• [Work task]
Make an exact copy of every entry below, with the pictures left out.

☆ ☆ ☆ ☆

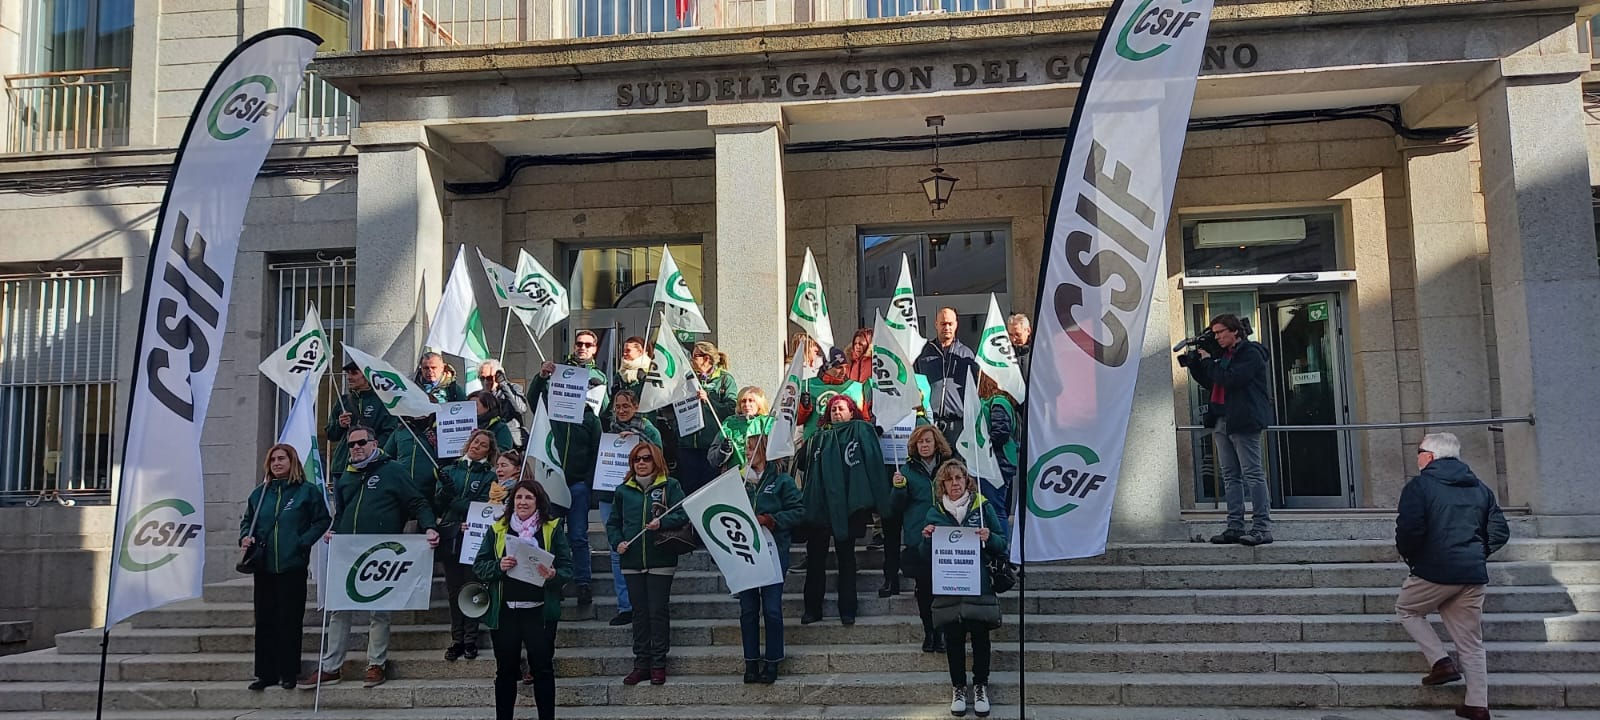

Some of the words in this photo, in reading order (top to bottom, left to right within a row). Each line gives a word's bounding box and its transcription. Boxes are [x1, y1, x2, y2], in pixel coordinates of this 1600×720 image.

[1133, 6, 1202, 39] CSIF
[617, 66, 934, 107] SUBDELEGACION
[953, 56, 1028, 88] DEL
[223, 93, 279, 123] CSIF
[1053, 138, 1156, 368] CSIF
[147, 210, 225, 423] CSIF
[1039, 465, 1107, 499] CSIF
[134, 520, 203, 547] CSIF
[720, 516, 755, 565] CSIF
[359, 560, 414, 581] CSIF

☆ ☆ ☆ ☆

• [Expected answer]
Some of the words in this photo, in reading order (top to bottom, left to right within a row). Each line gives a word's bounding box and its transcription. Boxes are [x1, y1, x2, y2], in pixel coordinates of this 1600×720 image.

[1133, 6, 1202, 39] CSIF
[617, 66, 934, 107] SUBDELEGACION
[953, 56, 1028, 88] DEL
[223, 93, 279, 123] CSIF
[1053, 138, 1156, 368] CSIF
[147, 210, 225, 423] CSIF
[1039, 465, 1107, 499] CSIF
[134, 520, 203, 547] CSIF
[720, 516, 755, 565] CSIF
[359, 560, 414, 581] CSIF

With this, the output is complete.